(Annotated photo localization data)
● ● ● ● ●
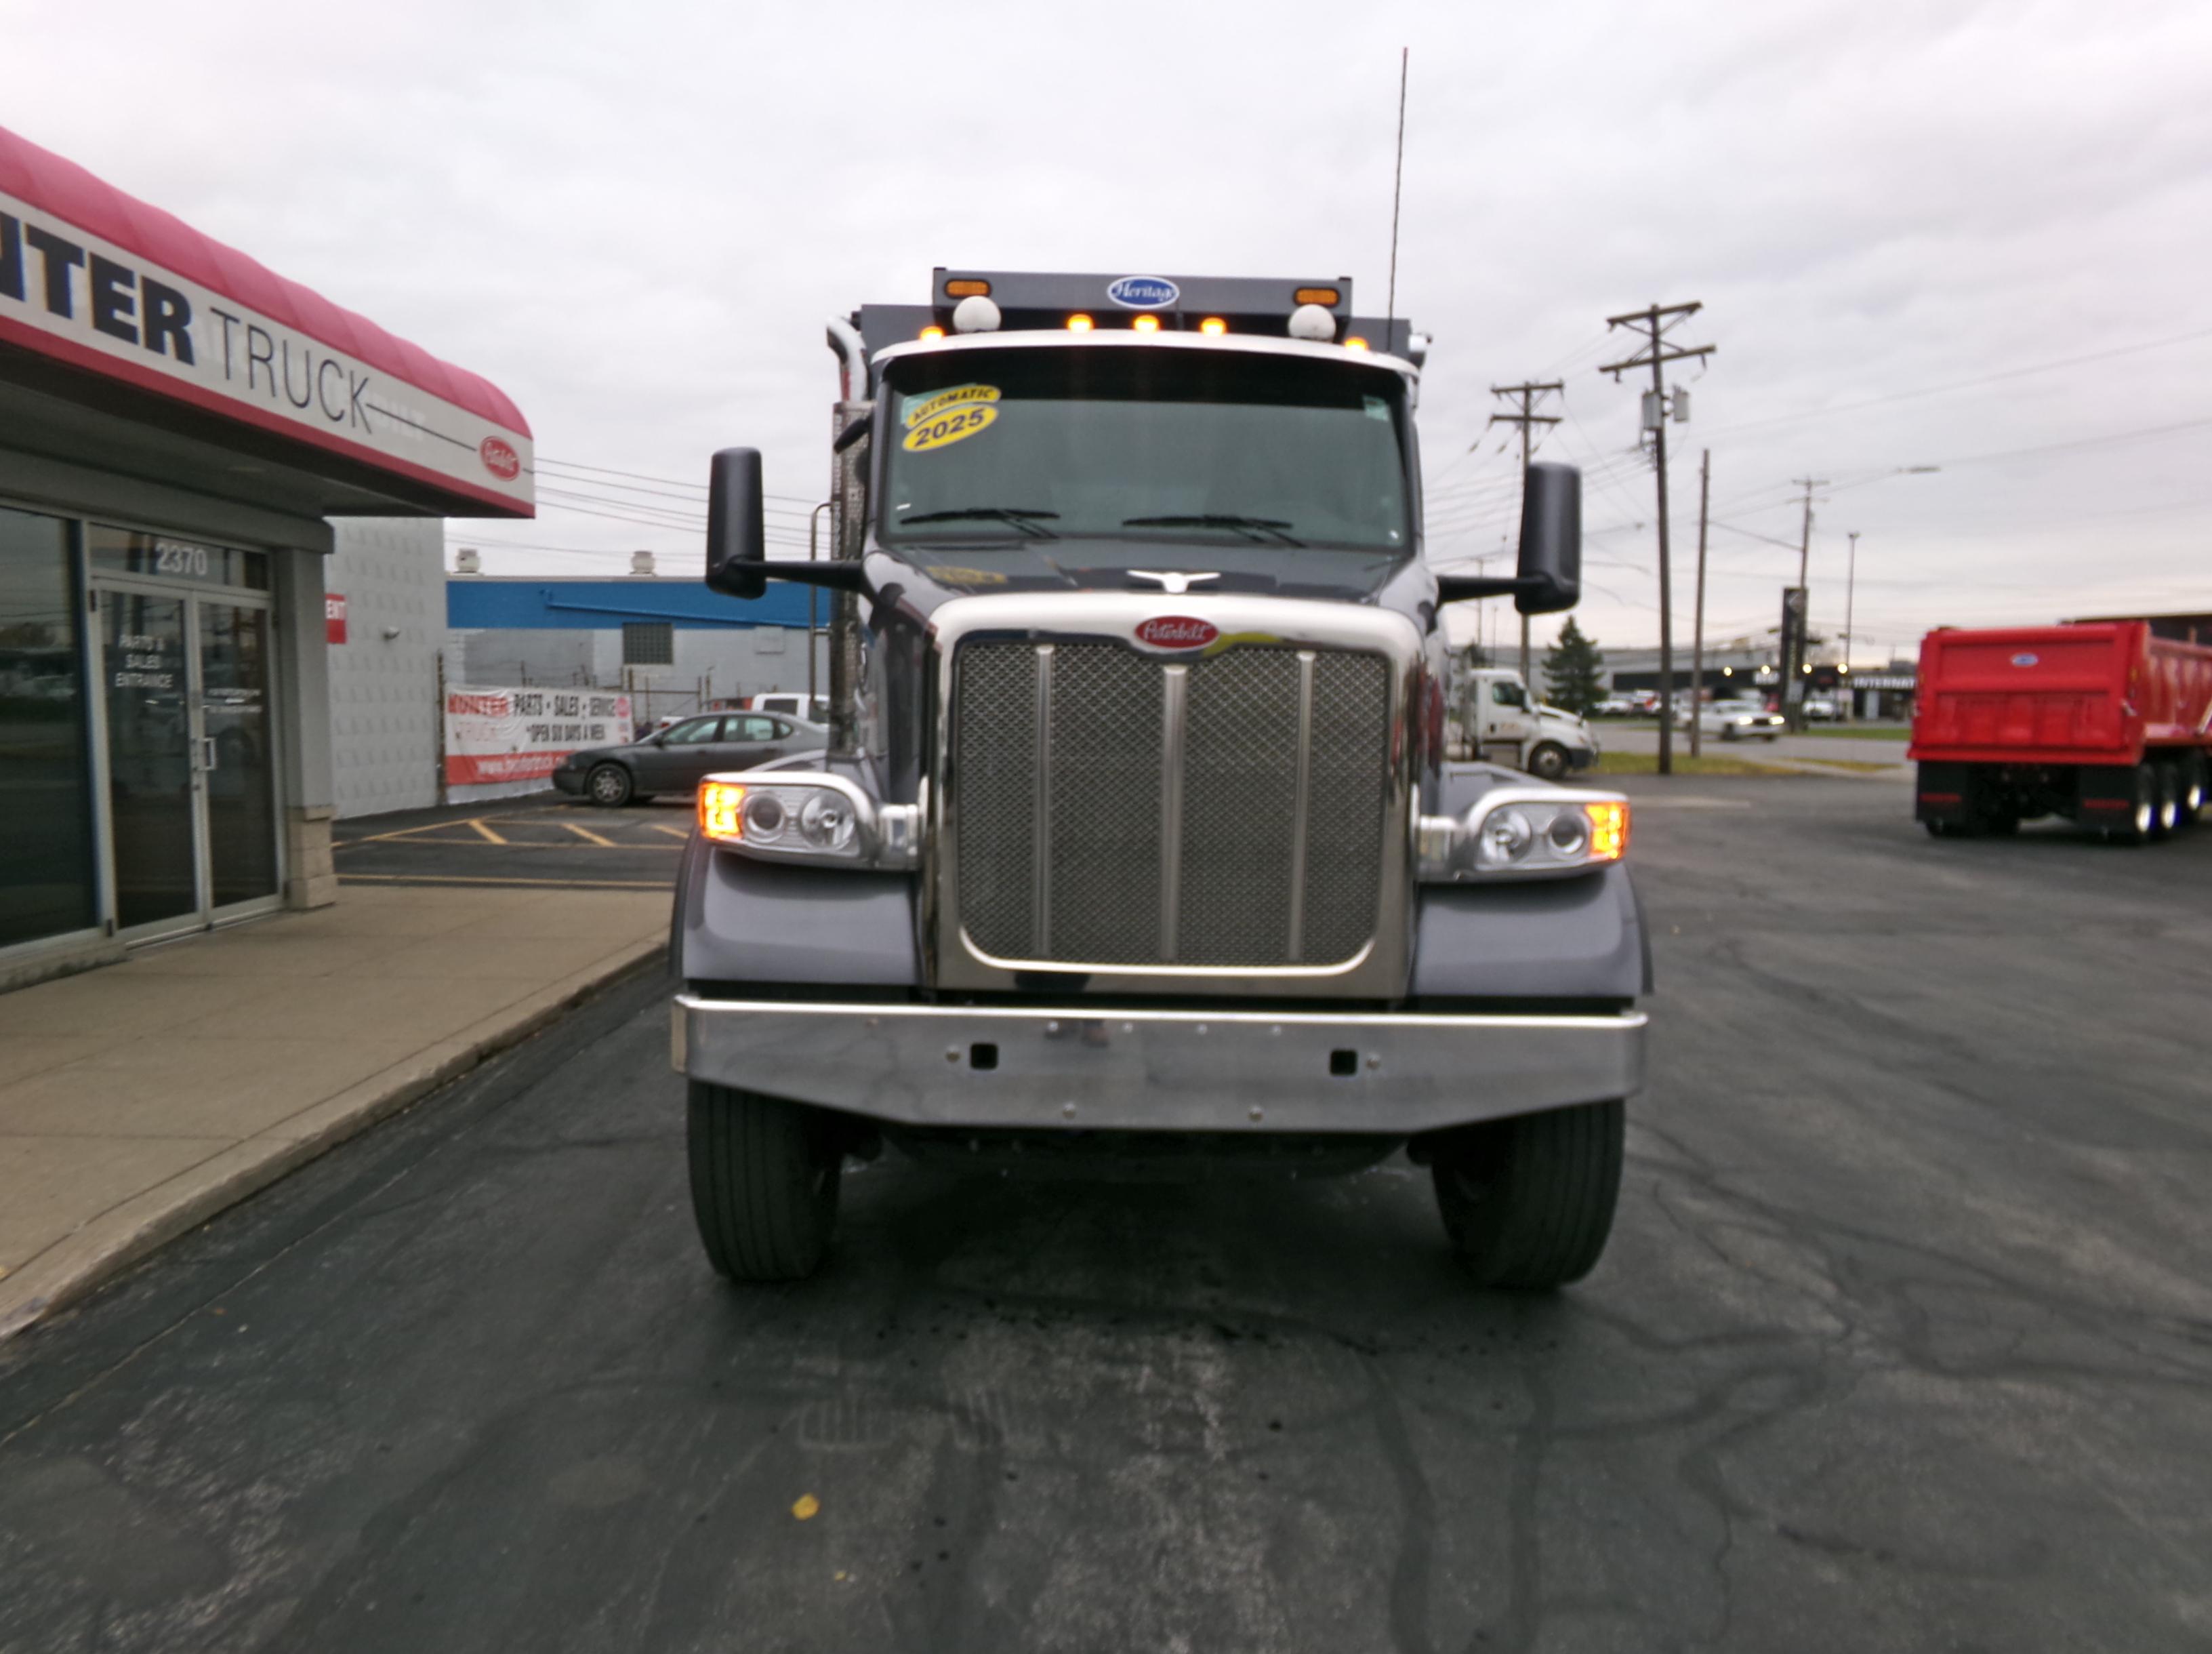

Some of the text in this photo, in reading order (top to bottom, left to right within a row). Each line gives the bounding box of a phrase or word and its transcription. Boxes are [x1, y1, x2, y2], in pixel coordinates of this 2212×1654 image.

[1111, 281, 1174, 303] Heritage
[210, 307, 372, 434] TRUCK
[914, 388, 992, 421] AUTOMATIC
[914, 407, 984, 447] 2025
[155, 542, 207, 576] 2370
[1143, 620, 1213, 641] Peterbilt
[125, 653, 162, 669] SALES
[115, 672, 173, 689] ENTRANCE
[513, 693, 543, 716] PARTS
[554, 693, 579, 717] SALES
● ● ● ● ●
Exercise directions: Reproduce all of the entries word for word, skipping any pictures they hold.

Solution:
Some of the text in this photo, in reading order (top to bottom, left to right within a row). Each line gives the bounding box of a phrase or word and its transcription. Boxes are [x1, y1, x2, y2], in pixel coordinates of this 2212×1654 image.

[1111, 281, 1174, 303] Heritage
[210, 307, 372, 434] TRUCK
[914, 388, 992, 421] AUTOMATIC
[914, 407, 984, 447] 2025
[155, 542, 207, 576] 2370
[1143, 620, 1213, 641] Peterbilt
[125, 653, 162, 669] SALES
[115, 672, 173, 689] ENTRANCE
[513, 693, 543, 716] PARTS
[554, 693, 579, 717] SALES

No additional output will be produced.